*Instructions to follow:*
All records below are to be repeated exactly, with the pictures left out.
::::::::::
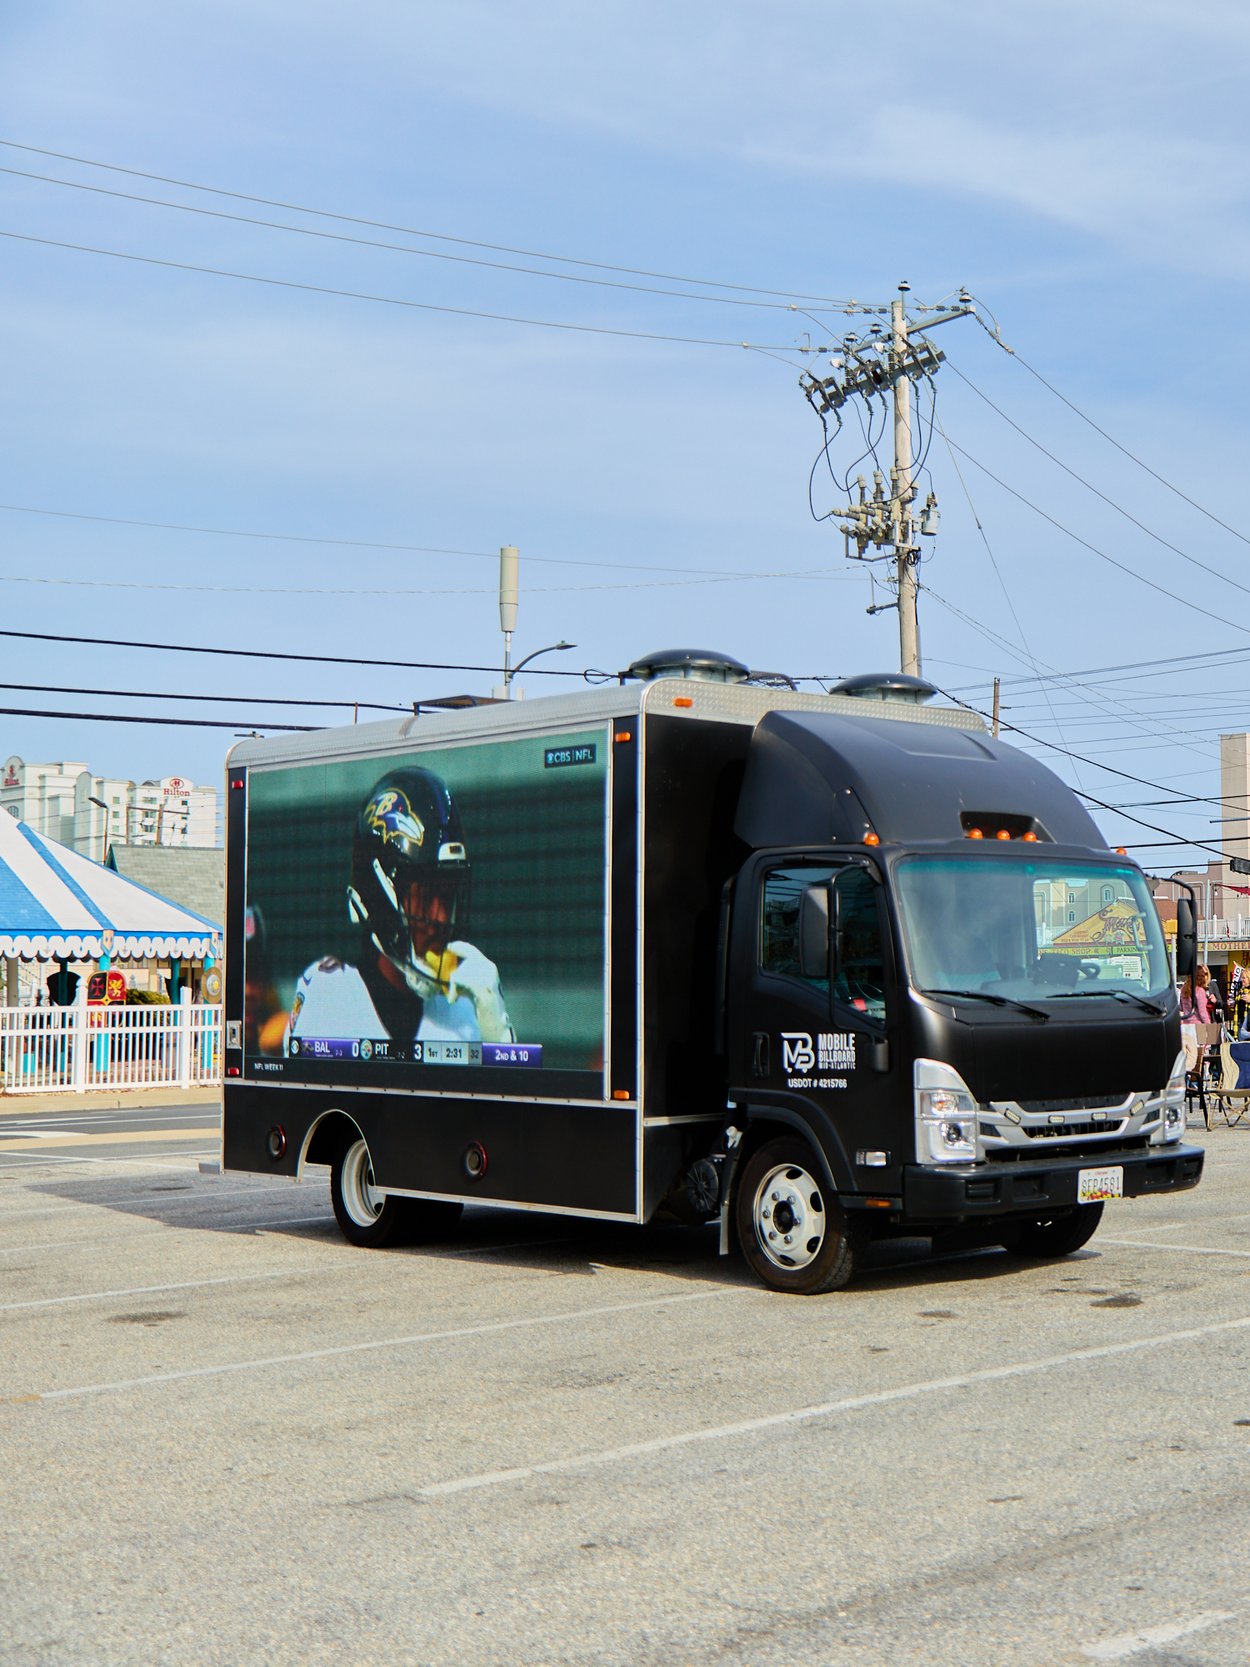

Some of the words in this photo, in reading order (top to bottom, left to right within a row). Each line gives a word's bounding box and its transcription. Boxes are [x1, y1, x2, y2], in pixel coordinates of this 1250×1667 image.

[554, 751, 571, 763] CBS
[575, 748, 593, 761] NFL
[163, 787, 191, 797] Hilton
[817, 1033, 856, 1051] MOBILE
[314, 1041, 331, 1054] BAL
[351, 1042, 359, 1058] 0
[375, 1043, 390, 1055] PIT
[414, 1043, 422, 1060] 3
[446, 1047, 462, 1059] 2:31
[495, 1049, 509, 1061] 2ND
[518, 1050, 529, 1062] 10
[817, 1050, 856, 1062] BILLBOARD
[818, 1062, 856, 1070] MID-ATLANTIC
[788, 1078, 812, 1088] USDOT
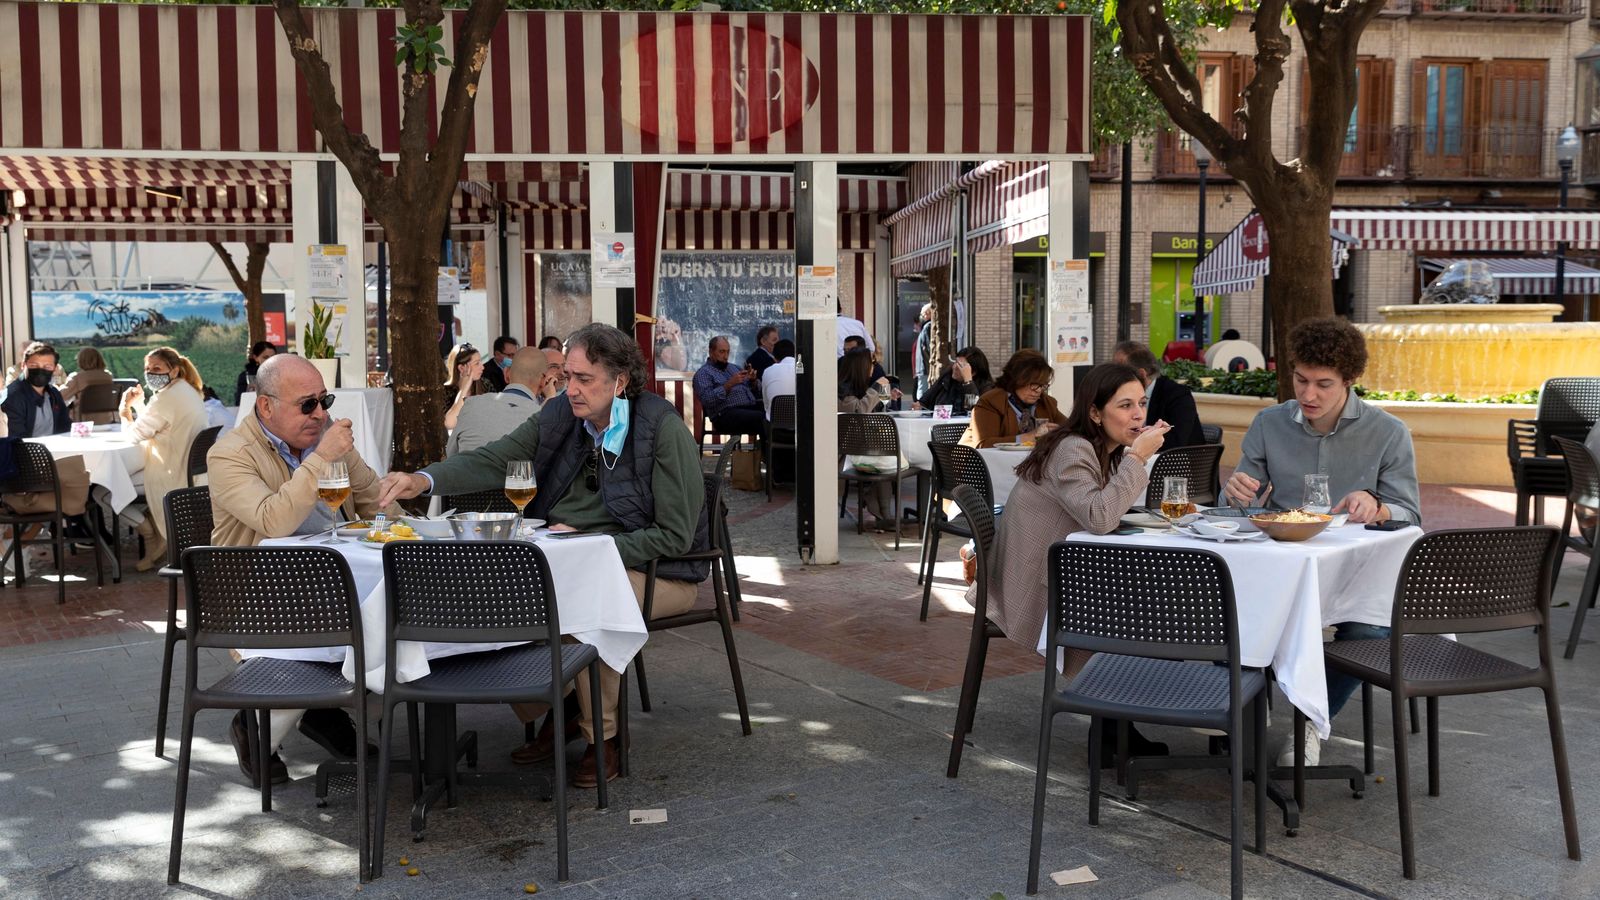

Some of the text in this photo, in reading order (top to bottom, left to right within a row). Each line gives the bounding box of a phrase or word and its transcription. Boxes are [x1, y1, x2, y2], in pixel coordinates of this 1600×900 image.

[1172, 236, 1214, 249] Bana
[550, 262, 587, 272] UCAM
[659, 262, 716, 277] IDERA
[719, 262, 743, 277] TU
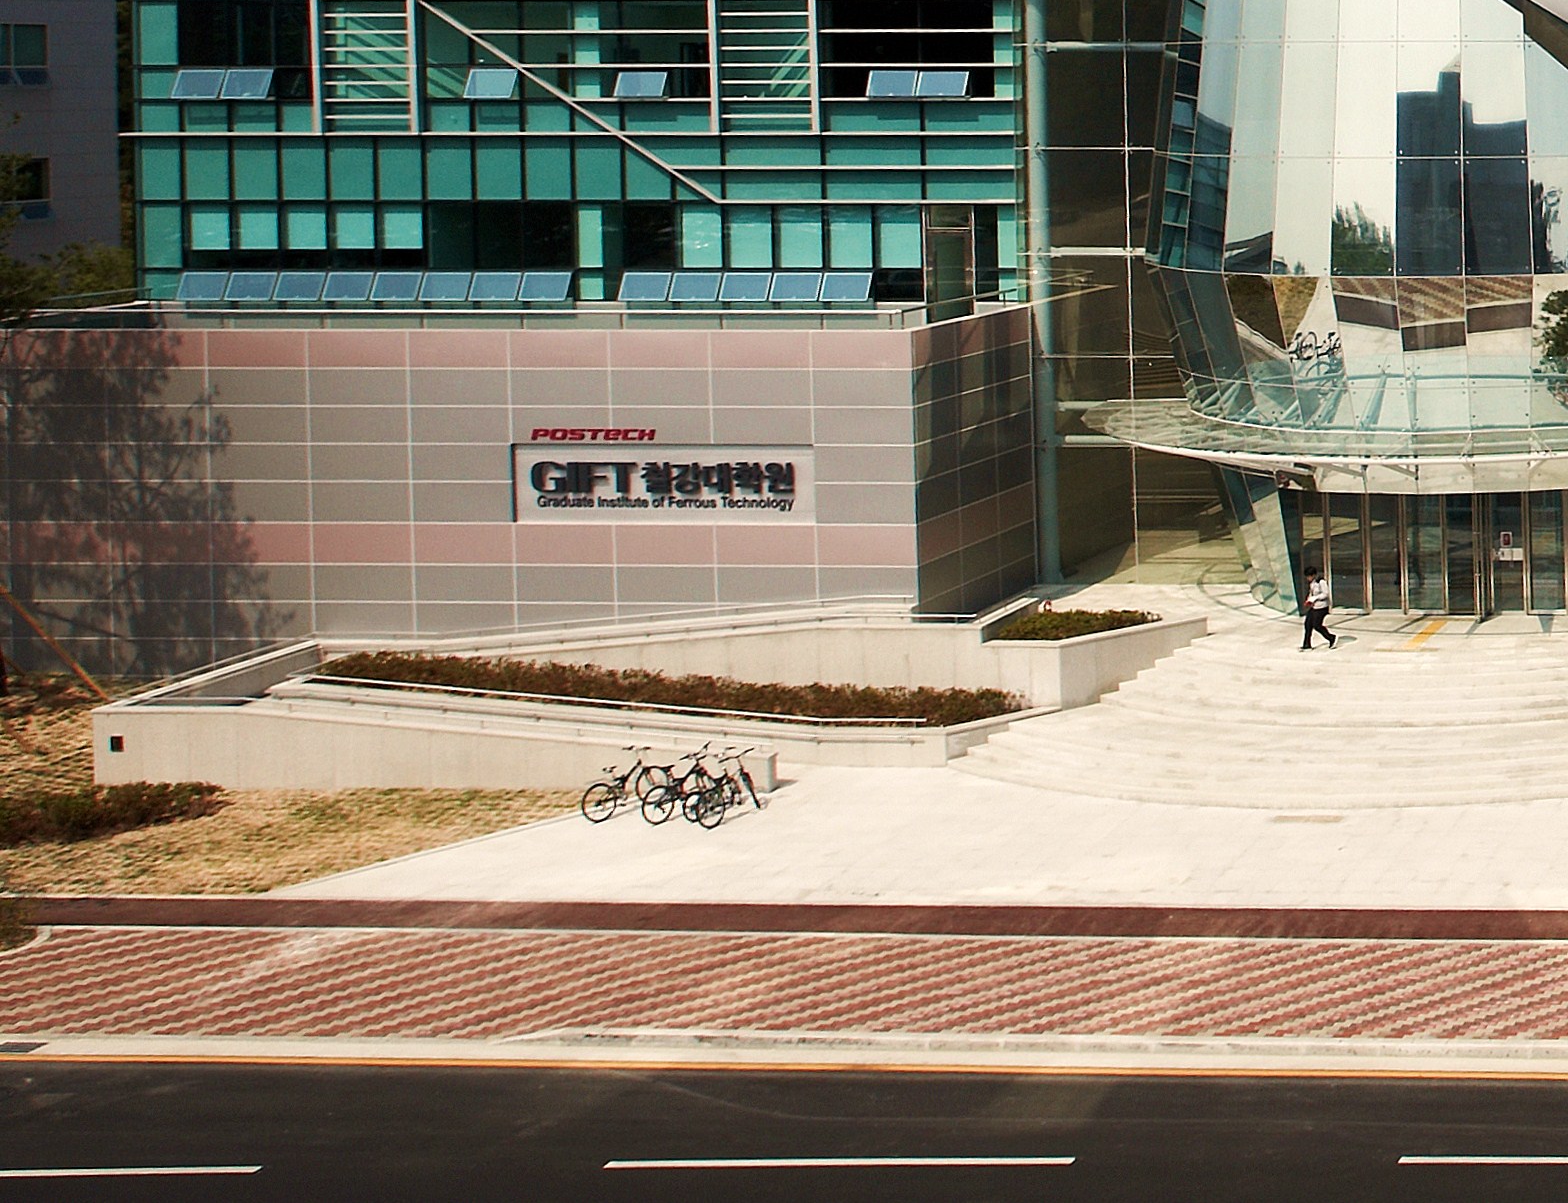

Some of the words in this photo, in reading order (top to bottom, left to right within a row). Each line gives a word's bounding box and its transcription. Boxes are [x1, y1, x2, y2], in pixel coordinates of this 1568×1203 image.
::::::::::
*Solved problem:*
Some of the words in this photo, in reading order (top to bottom, left to right within a row). Each line gives a word's bounding box and its transcription. Boxes are [x1, y1, x2, y2], in pixel coordinates of this 1250×1667 image.

[554, 751, 571, 763] CBS
[575, 748, 593, 761] NFL
[163, 787, 191, 797] Hilton
[817, 1033, 856, 1051] MOBILE
[314, 1041, 331, 1054] BAL
[351, 1042, 359, 1058] 0
[375, 1043, 390, 1055] PIT
[414, 1043, 422, 1060] 3
[446, 1047, 462, 1059] 2:31
[495, 1049, 509, 1061] 2ND
[518, 1050, 529, 1062] 10
[817, 1050, 856, 1062] BILLBOARD
[818, 1062, 856, 1070] MID-ATLANTIC
[788, 1078, 812, 1088] USDOT

Some of the text in this photo, in reading order (top to bottom, left to right within a row). Each line gives the bounding box of a phrase or word and its transcription. Boxes are [x1, y1, x2, y2], in pixel coordinates of this 1600×900 image.

[1172, 236, 1214, 249] Bana
[550, 262, 587, 272] UCAM
[659, 262, 716, 277] IDERA
[719, 262, 743, 277] TU

Some of the words in this photo, in reading order (top to bottom, left to right within a row). Each line gives a word's bounding box and its transcription. Boxes are [x1, y1, x2, y2], in pixel coordinates of this 1568×1203 image.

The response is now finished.